▸ Goal of the exercise
Your copy of the data should leave out the images and match everything else exactly.

───── Supplied entries ─────

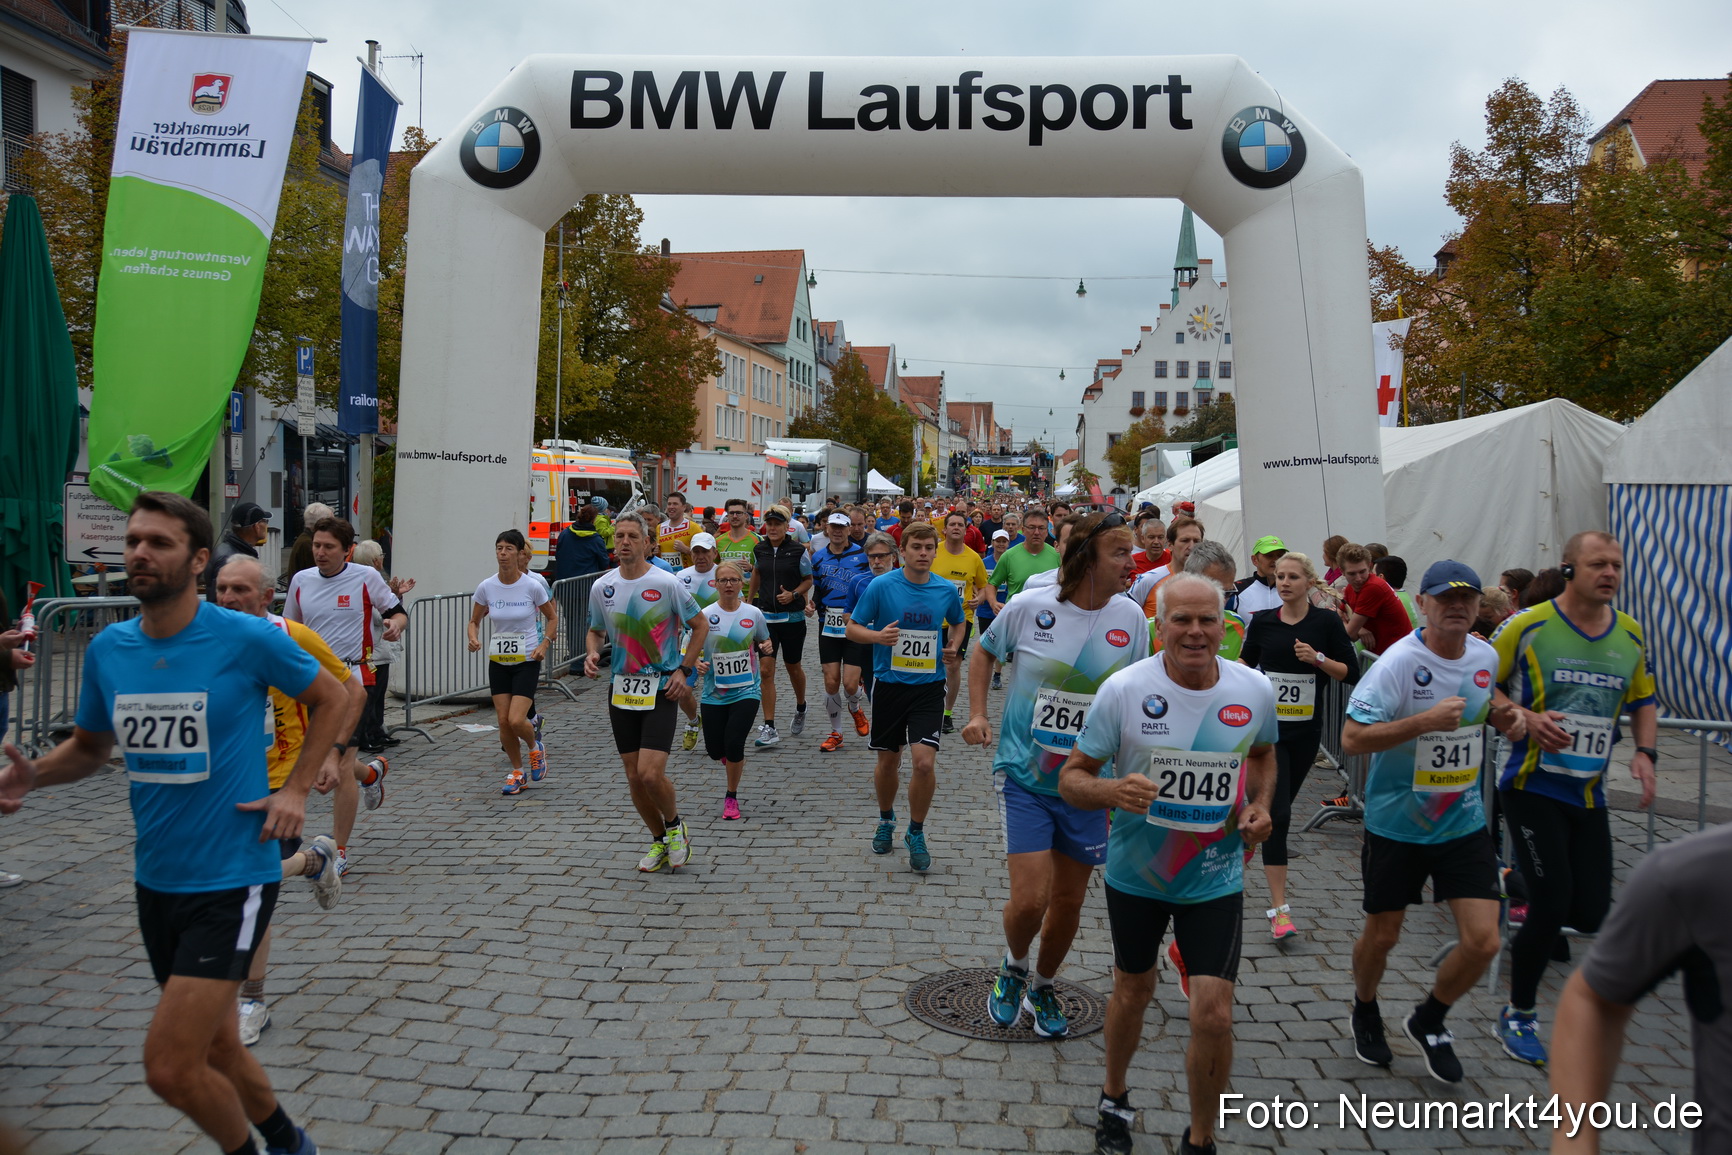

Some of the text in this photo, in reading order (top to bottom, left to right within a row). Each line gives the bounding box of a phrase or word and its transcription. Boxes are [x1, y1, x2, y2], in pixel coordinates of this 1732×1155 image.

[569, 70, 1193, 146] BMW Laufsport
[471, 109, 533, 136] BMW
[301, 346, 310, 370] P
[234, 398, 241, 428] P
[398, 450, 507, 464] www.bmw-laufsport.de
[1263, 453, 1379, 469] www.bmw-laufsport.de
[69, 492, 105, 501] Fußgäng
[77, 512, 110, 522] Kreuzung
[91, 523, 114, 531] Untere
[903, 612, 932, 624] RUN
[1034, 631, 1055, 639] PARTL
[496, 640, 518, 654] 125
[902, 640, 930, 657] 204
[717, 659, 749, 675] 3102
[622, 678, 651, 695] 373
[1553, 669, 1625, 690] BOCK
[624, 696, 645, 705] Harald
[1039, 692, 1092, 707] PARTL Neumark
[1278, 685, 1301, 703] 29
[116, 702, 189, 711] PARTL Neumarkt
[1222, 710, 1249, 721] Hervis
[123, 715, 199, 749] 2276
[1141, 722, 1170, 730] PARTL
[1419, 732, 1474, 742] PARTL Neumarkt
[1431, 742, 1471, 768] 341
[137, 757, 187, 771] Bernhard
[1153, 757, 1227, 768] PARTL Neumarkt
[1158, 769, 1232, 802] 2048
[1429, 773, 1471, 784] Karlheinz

─────

▸ Response
Some of the text in this photo, in reading order (top to bottom, left to right within a row). Each line gives the bounding box of a phrase or word and its transcription. Boxes are [x1, y1, x2, y2], in pixel coordinates of this 1732×1155 image.

[569, 70, 1193, 146] BMW Laufsport
[471, 109, 533, 136] BMW
[301, 346, 310, 370] P
[234, 398, 241, 428] P
[398, 450, 507, 464] www.bmw-laufsport.de
[1263, 453, 1379, 469] www.bmw-laufsport.de
[69, 492, 105, 501] Fußgäng
[77, 512, 110, 522] Kreuzung
[91, 523, 114, 531] Untere
[903, 612, 932, 624] RUN
[1034, 631, 1055, 639] PARTL
[496, 640, 518, 654] 125
[902, 640, 930, 657] 204
[717, 659, 749, 675] 3102
[622, 678, 651, 695] 373
[1553, 669, 1625, 690] BOCK
[624, 696, 645, 705] Harald
[1039, 692, 1092, 707] PARTL Neumark
[1278, 685, 1301, 703] 29
[116, 702, 189, 711] PARTL Neumarkt
[1222, 710, 1249, 721] Hervis
[123, 715, 199, 749] 2276
[1141, 722, 1170, 730] PARTL
[1419, 732, 1474, 742] PARTL Neumarkt
[1431, 742, 1471, 768] 341
[137, 757, 187, 771] Bernhard
[1153, 757, 1227, 768] PARTL Neumarkt
[1158, 769, 1232, 802] 2048
[1429, 773, 1471, 784] Karlheinz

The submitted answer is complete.